LA HUELGA DE LEDEZMA

Hace años junto con un grupo de dirigentes estudiantiles participé en una huelga de hambre en el Tecnológico de Coro que duró 16 días. El motivo; a 56 bachilleres “flotantes” no les permitieron inscribirse porque no venían postulados por los partidos hegemónicos de entonces. Una lucha fundamentalmente reivindicativa, y aunque contenía algunos elementos políticos, los mismos no iban más allá del espacio universitario en el que se libraba.

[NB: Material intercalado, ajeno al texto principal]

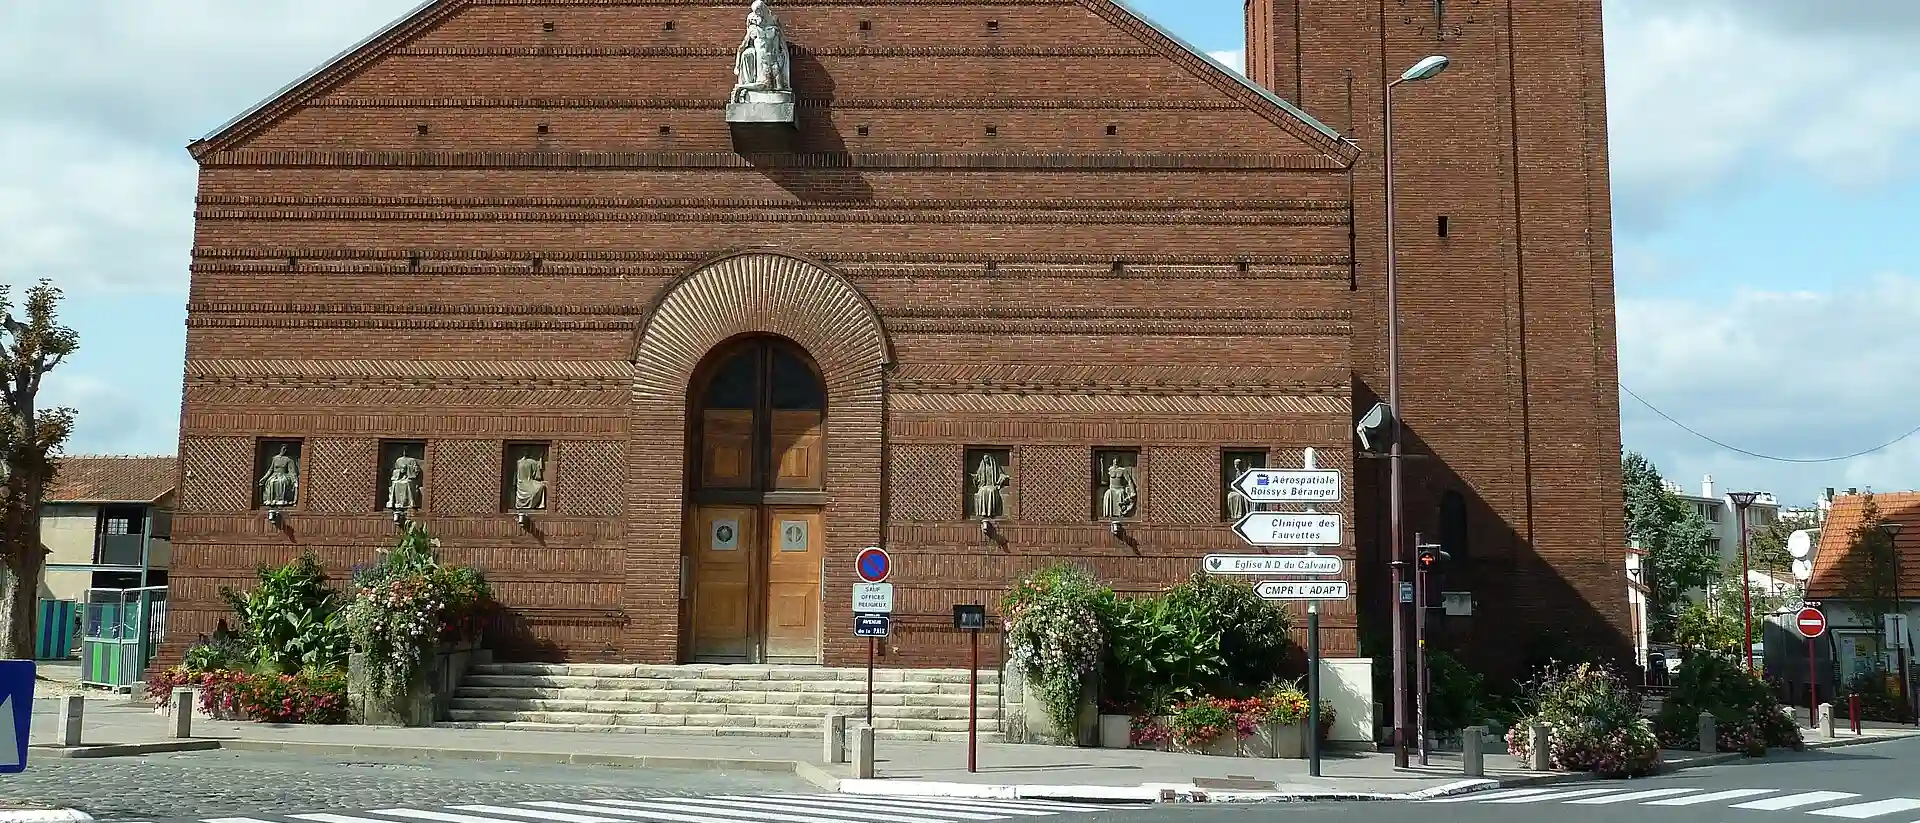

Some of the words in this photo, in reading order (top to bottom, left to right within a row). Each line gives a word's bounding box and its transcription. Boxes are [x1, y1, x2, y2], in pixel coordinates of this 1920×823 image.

[1272, 475, 1335, 486] Aérospatiale
[1250, 486, 1287, 497] Roissys
[1291, 487, 1336, 498] Béranger
[1271, 518, 1313, 530] Clinique
[1318, 519, 1335, 528] des
[1271, 530, 1320, 540] Fauvettes
[1284, 561, 1295, 569] du
[1297, 560, 1336, 570] Calvaire
[1265, 586, 1294, 595] CMPR

En ese entonces, la justeza del método de lucha empleado no daba lugar a dudas entre los revolucionarios, entre la gente de izquierda que, para ese entonces, éramos calificados de “ultrosos”, también por la dirigencia de los partidos que hegemonizaban el proceso político venezolano. En modo alguno la iniciativa entrañaba la intención de dar un “golpe de Estado” a las autoridades universitarias, así como tampoco la generación de un foco de violencia (una “guarimba” de hoy día), sólo perseguía lograr algo elemental; hacer valer el derecho a la educación consagrado en la constitución nacional de entonces.
Una lucha parcial, reivindicativa como esa, ameritó el uso de un recurso de lucha como el de la huelga de hambre, en virtud de la posición extrema de desconocimiento a derechos fundamentales como el señalado, para favorecer a las parcialidades políticas que detentaban el poder. Claro, el liderazgo que ejercíamos sólo se extendía entre una porción de la comunidad universitaria y, más allá de eso, entre los pocos revolucionarios de otrora.

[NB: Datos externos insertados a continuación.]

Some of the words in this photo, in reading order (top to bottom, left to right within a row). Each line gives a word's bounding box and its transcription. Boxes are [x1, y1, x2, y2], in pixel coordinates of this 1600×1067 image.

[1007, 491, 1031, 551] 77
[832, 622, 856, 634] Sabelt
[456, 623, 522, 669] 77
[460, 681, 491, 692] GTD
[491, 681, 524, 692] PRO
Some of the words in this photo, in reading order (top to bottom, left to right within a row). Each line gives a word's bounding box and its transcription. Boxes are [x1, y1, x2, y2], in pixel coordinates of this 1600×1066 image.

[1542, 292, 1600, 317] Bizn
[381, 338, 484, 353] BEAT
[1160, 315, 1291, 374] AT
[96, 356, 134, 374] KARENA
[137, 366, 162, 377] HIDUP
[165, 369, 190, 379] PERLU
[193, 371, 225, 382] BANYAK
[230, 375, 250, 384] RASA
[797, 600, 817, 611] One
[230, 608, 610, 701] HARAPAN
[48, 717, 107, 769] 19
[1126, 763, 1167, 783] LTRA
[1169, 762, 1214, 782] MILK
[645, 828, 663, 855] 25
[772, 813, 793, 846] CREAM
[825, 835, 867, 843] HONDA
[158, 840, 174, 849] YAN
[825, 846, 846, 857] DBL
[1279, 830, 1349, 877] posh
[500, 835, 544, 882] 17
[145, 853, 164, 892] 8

Disculpen que haya tocado mi experiencia en este tipo de lucha para introducir el tema, bueno que ya va bastante adelantado, de la huelga de hambre de Ledezma. Pero, vale para ejemplificar dos cosas: 1) La validez del método de la huelga de hambre en el caso de desconocimiento extremo a los derechos humanos fundamentales; y 2) la inversión de los roles entre quienes vulneran los derechos humanos y quienes lo defienden.
No puede calificarse como injusta e incorrecta la decisión tomada por el Alcalde Metropolitano de Caracas, si ella responde a una serie de atropellos orquestados de forma sistemática en contra de la institución que dirige…, aunque suene trillada la interrogante, valdría la pena preguntarse una vez más; ¿Sí hubiese resultado electo Aristóbulo se habría hecho lo mismo?, la respuesta es esa que está pensando… NO.
Un recuento rápido de algunas de las decisiones tomadas en contra de la Alcaldía Metropolitana, permiten dar cuenta de la eliminación de las competencias que tenía esta instancia sobre el manejo y operación de los hospitales, las escuelas, la seguridad ciudadana, el cuerpo de bomberos y la recolección de basura por ejemplo. Adicionalmente a ello, se le despoja de la sede donde venía funcionando la Alcaldía Metropolitana, se crea una nueva autoridad (que para nada figura en la Constitución), de golpe y dedazo, a la cual se le transfieren estas competencias y, adicionalmente se le ahoga financieramente al no transferir los recursos correspondientes al situado constitucional, generando una situación de malestar generalizado entre los empleados y trabajadores al servicio de este ente gubernamental quienes tienen meses sin cobrar. En pocas palabras; se le ha dado un golpe de Estado a una autoridad legal y legítimamente electa por, como también se ha insistido, más de 700 mil caraqueños, casi la misma cantidad de quienes eligieron al depuesto Zelaya en Honduras.
Frente a esto, que a todas luces constituyen flagrantes violaciones al estado de derecho venezolano, a los derechos humanos universales, el caradurísmo se impone de lado de quienes ejercen el gobierno nacional, apelando a los desgastados discursos y descalificaciones que, en la cuarta, se utilizaba para condenar las luchas justas emprendidas por miles de venezolanos; como la del cupo para los bachilleres flotantes.
La defensa del estado de derecho no es asunto de conveniencia, no es un asunto de posiciones, es un asunto de principios, especialmente de aquellos apegados al reconocimiento de los más sagrados y elementales derechos humanos que, en el ejercicio de gobierno han de observarse, para garantizar su más estricto cumplimiento, pues ello seguramente será lo que se espere en la circunstancia en que la correlación de fuerzas cambie y quien gobierne pase a ser oposición.
La huelga de hambre de Ledezma es un acto valiente frente a un Estado poderoso, devenido en partido político de gobierno, que ha de servir de estímulo para fortalecer las luchas por la construcción de una Venezuela Alternativa.